Se cumplen ahora 30 años del primer viaje oficial a tierras valencianas de los Reyes don Juan Carlos y doña Sofía. Durante cuatro días de intensa agenda, los monarcas recorrieron las tres provincias valencianas y entraron en contacto con miles de valencianos a quienes ganaron su efecto. En tiempos de incertidumbre, de extendidas dudas de por dónde podrían dirigirse los rumbos políticos y democráticos de España, los Reyes supieron poner serenidad y confianza en que el camino emprendido llevaba a la libertad.
Había curiosidad en los valencianos. Y había, también, las naturales reticencias. Aquél 30 de noviembre de 1976 apenas se había cumplido un año de la muerte y entierro del dictador Francisco Franco, protagonista de casi cuarenta años de una dictadura que había tenido alejados a los españoles de la libertad y del normal desarrollo de las naciones democráticas europeas a las que sin duda pertenecía España.
Pero los reyes, con amplias dosis de simpatía y afecto, se ganaron el corazón y la voluntad de miles de valencianos que les aclamaron en las tres capitales del antiguo Reino y en las principales poblaciones de la región. Aunque todo estuviera, en apariencia, prendido con alfileres, los reyes contagiaban confianza y entusiasmo; y eran, con su propia juventud, una promesa de que lo caduco del viejo régimen se había terminado para siempre: siguiendo las palabras del cardenal Tarancón, y las del propio rey en la Misa que siguió a su entronización, había que esperar un tiempo en el que tuvieran cabida por igual todos los españoles que anidaran un mínimo de buena fe democrática.
LAS PROVINCIAS quiso dar la bienvenida a los Reyes con indiscutible solemnidad. Y para ello echó mano de un género, el Editorial, que entonces era una pieza rara en nuestra páginas: una pieza reservada para ocasiones solemnes y relevantes, para momentos de especial intensidad en los que el periódico debía definirse con precisión y hablar a todos los valencianos. El editorial, en este caso, lo escribió el director, José Ombuena, un periodista de largo recorrido que llevaba en el cargo desde 1959, había conocido los tiempos más duros de la dictadura y sabía que el rumbo del diario tenía que ser llevado, como de hecho ya estaba ocurriendo, por rumbos de renovación.

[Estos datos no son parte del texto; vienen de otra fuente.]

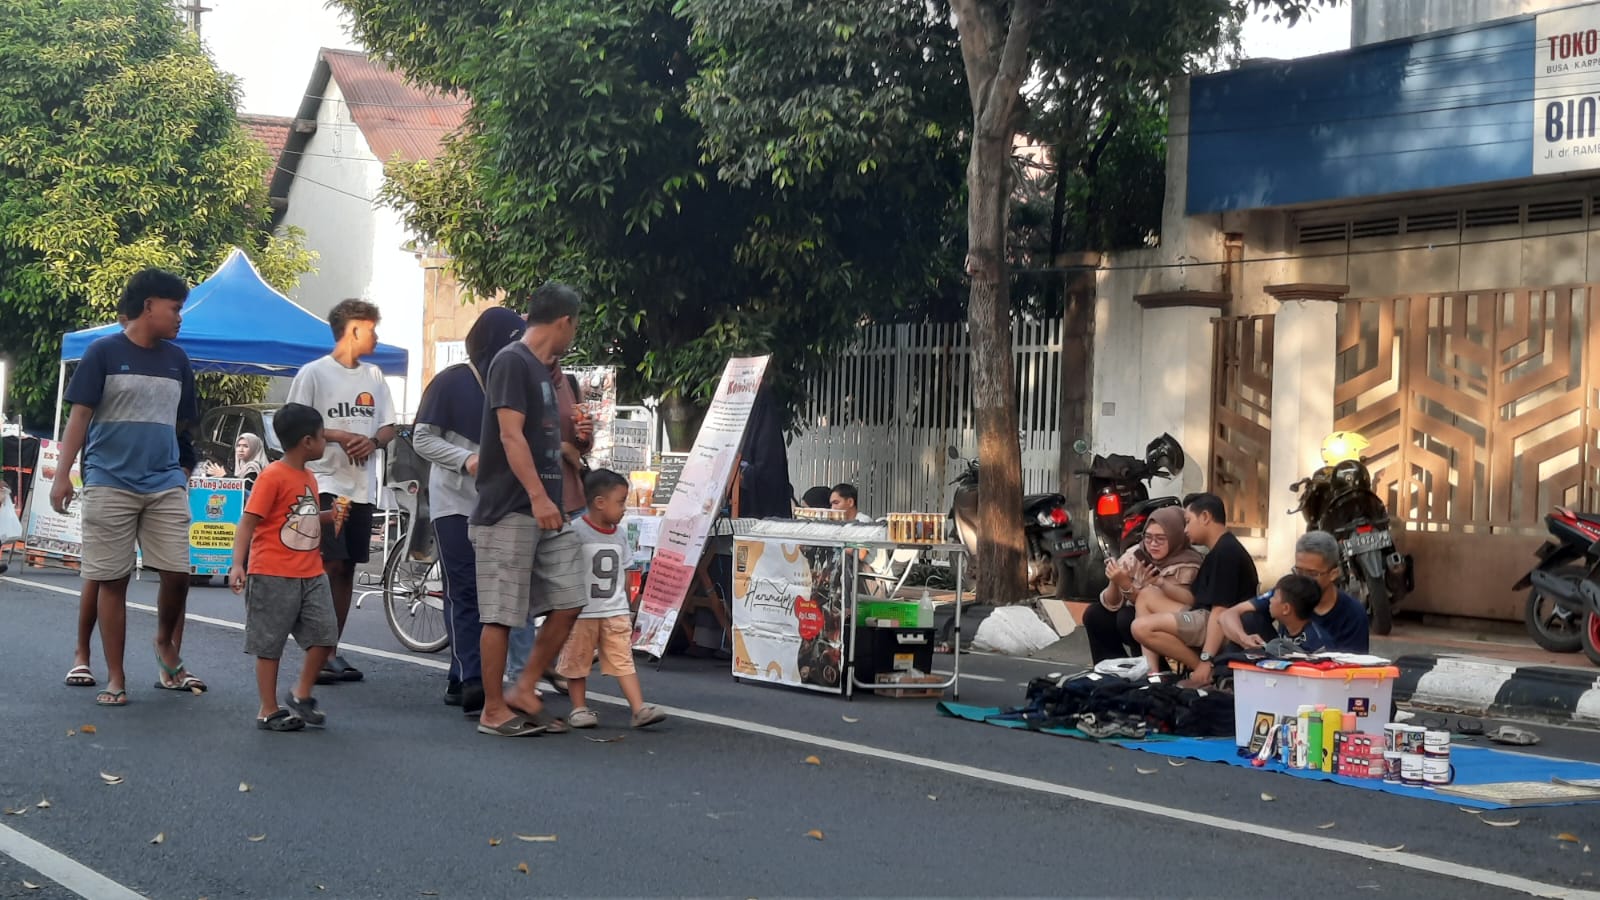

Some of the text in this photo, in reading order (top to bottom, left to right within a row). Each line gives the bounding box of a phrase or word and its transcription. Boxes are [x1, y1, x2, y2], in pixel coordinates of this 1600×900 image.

[1547, 28, 1598, 61] TOKO
[1546, 63, 1569, 74] BUSA
[1545, 96, 1600, 143] BIN
[591, 549, 619, 598] 9
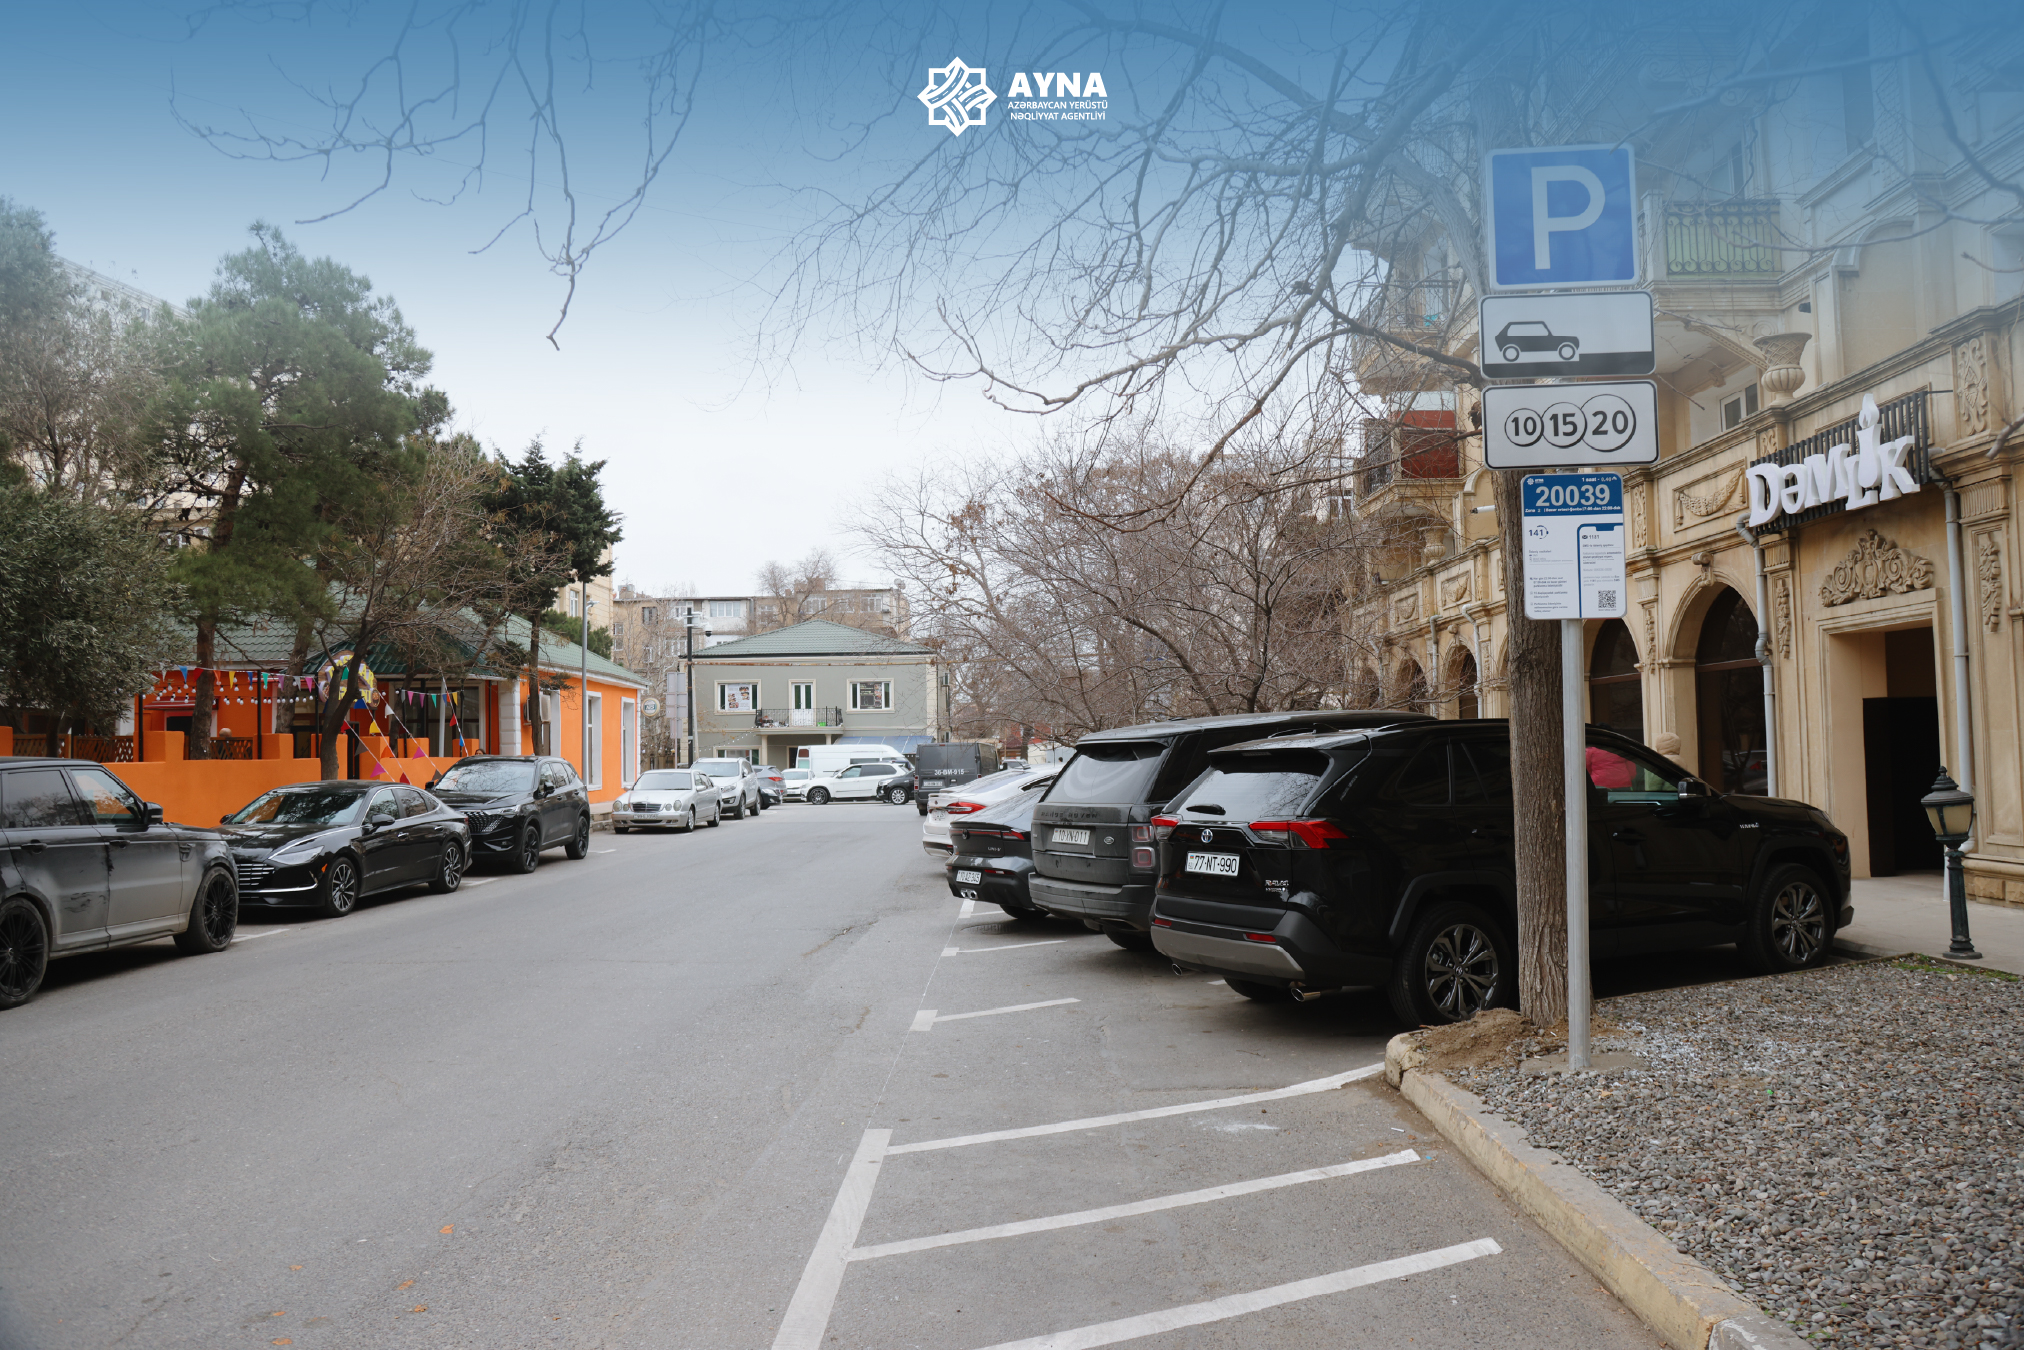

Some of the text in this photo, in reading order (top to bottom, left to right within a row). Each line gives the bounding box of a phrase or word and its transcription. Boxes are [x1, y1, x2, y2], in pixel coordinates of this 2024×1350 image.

[1531, 165, 1605, 270] P
[1511, 410, 1629, 437] 10 15 20
[1535, 484, 1610, 507] 20039
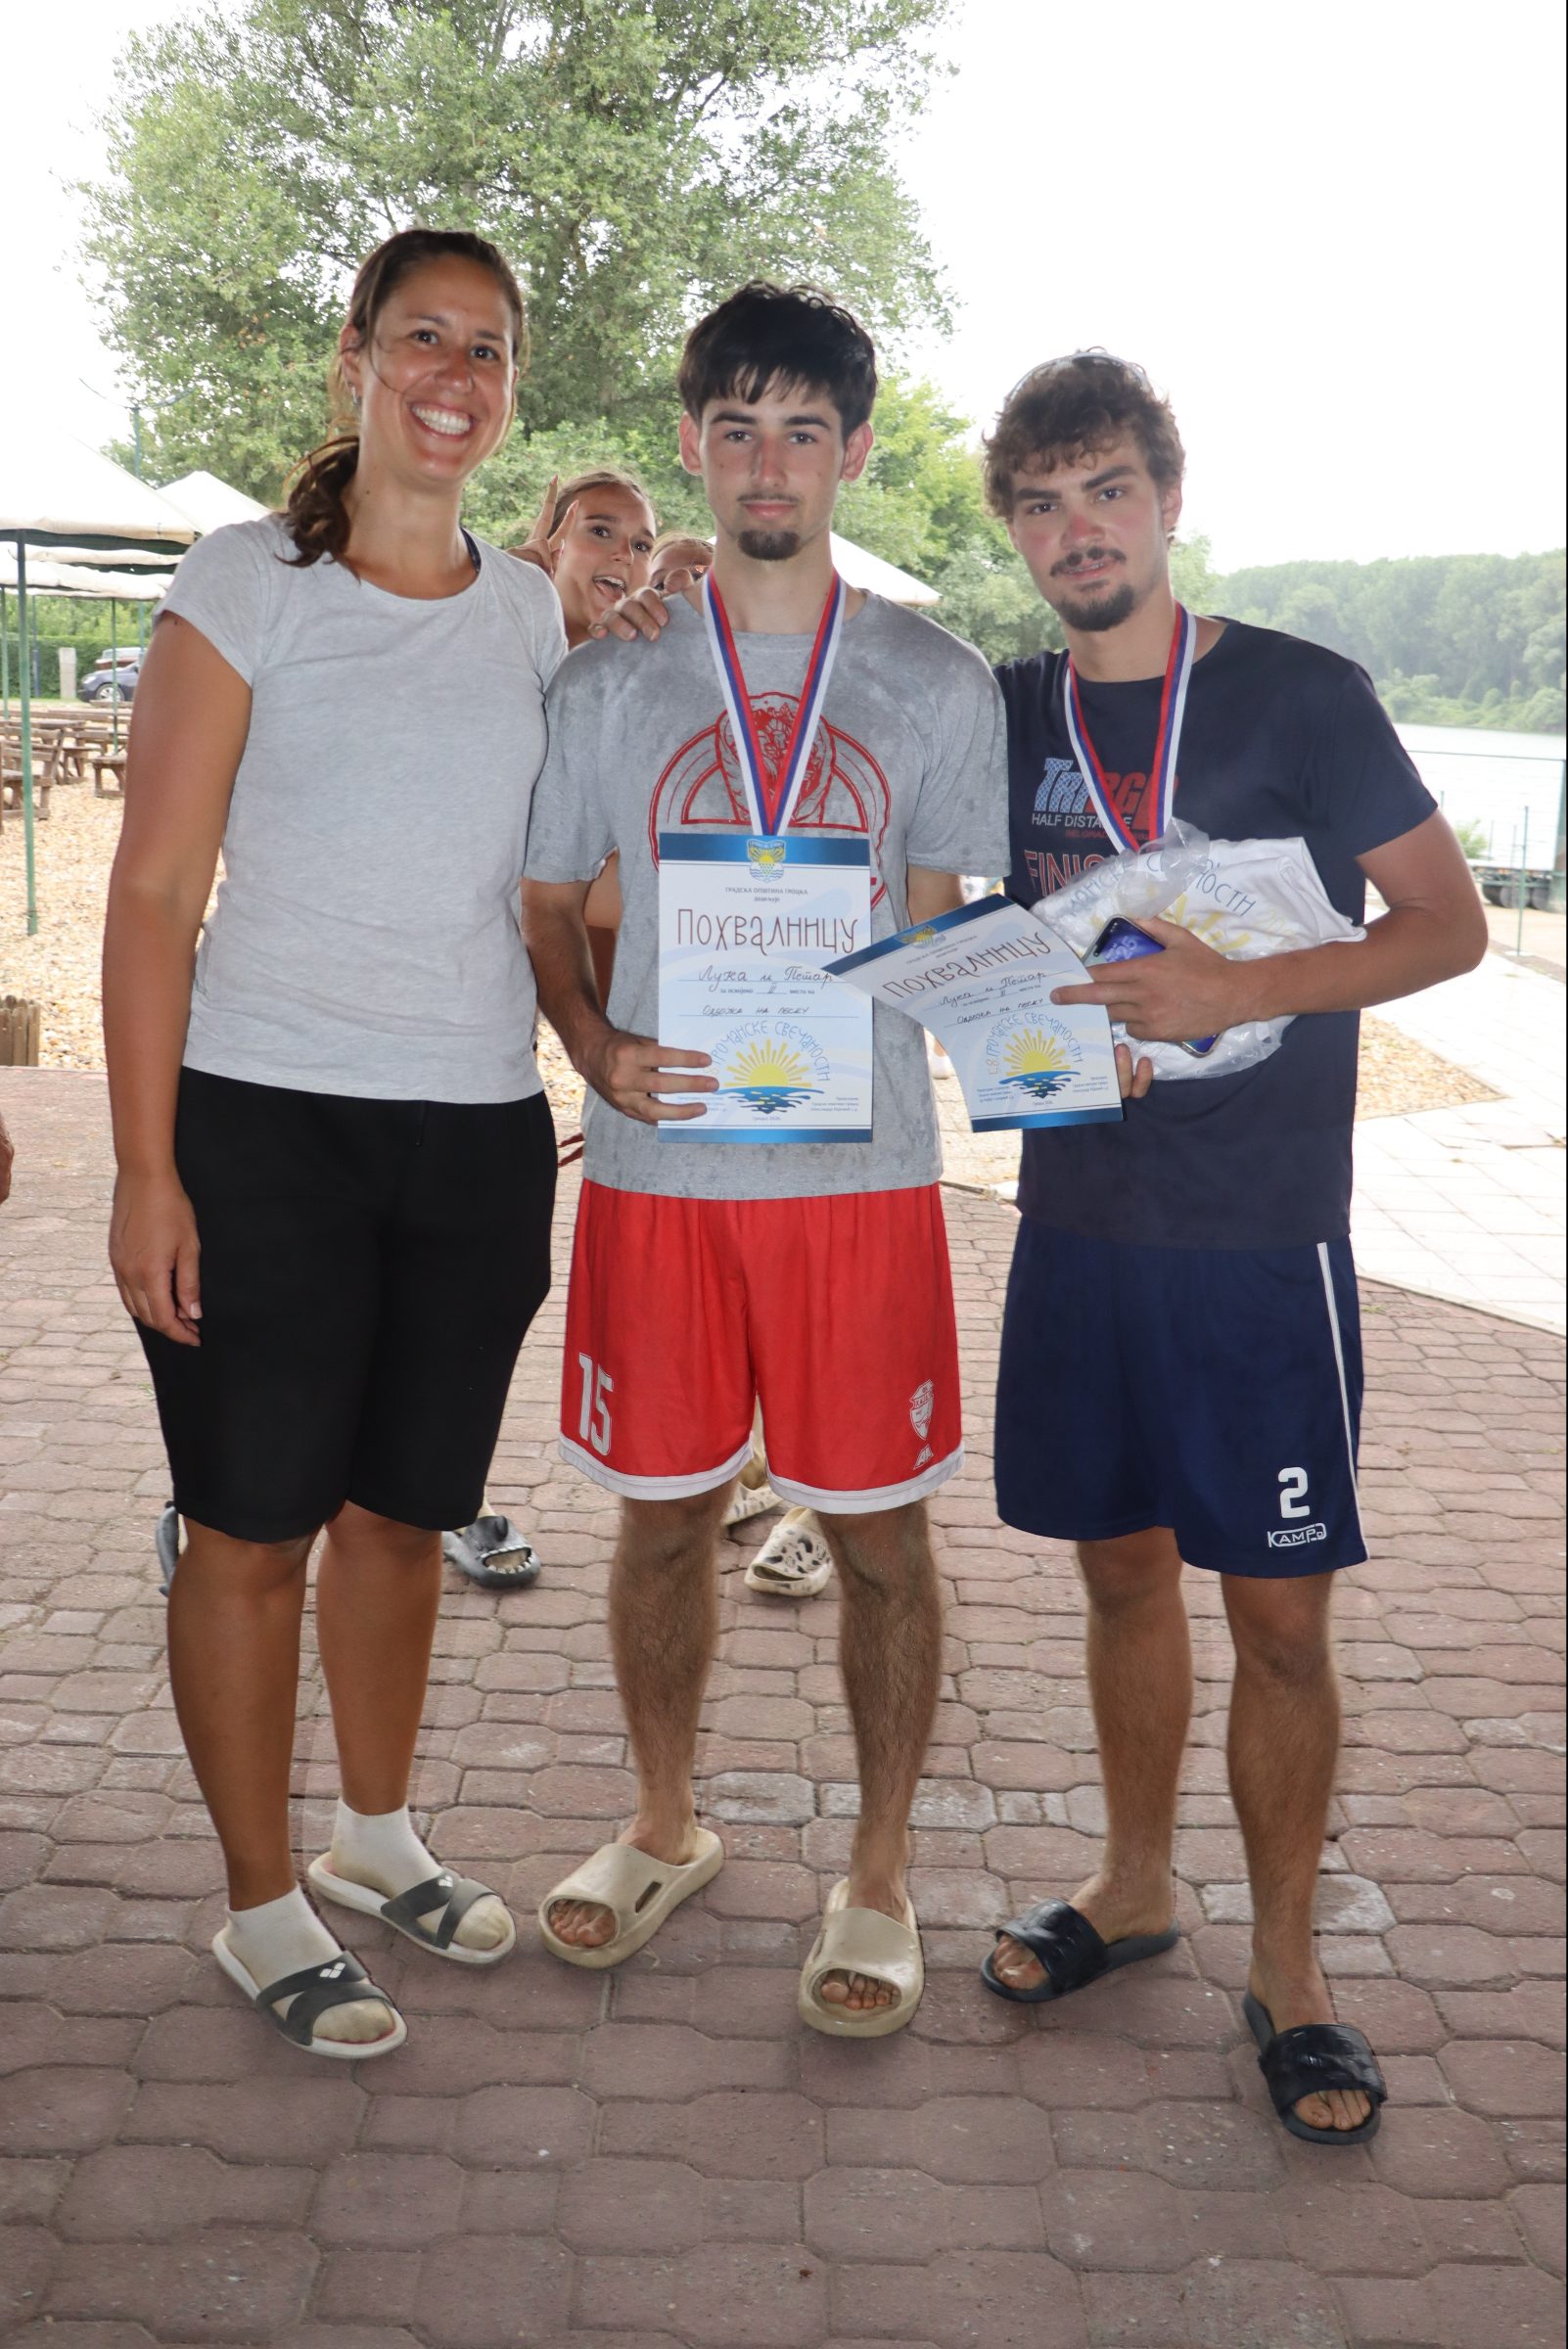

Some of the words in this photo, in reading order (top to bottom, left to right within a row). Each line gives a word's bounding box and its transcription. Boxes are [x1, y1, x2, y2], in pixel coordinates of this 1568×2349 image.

[1032, 812, 1062, 826] HALF
[1064, 815, 1132, 830] DISTAE
[578, 1352, 614, 1455] 15
[1277, 1466, 1311, 1519] 2

Para una ocasión así, el Editorial debía recordar nuestra larga historia. LAS PROVINCIAS tenía entonces 110 años y podía presentar un largo expediente de servicio a la sociedad valenciana. Se proclamó, de ese modo, “humilde portavoz de la opinión pública” para recordar la clara independencia de criterio del periódico y su respeto por la Corona. Sin embargo, más de la mitad del Editorial, estuvo dedicado a exponer ante los Reyes algunas realidades palpitantes de la vida valenciana y todo el catálogo de graves problemas, económicos y sociales, que nos acuciaban: desde la inflación a la crisis del turismo y los problemas de la industria. Sabiendo como se sabía que el Jefe del Estado no tomaba determinaciones de Gobierno, su viaje, sin embargo, era la ocasión ideal para volver a defender los legítimos intereses de los valencianos. Como el periódico había hecho año tras año, desde su fundación.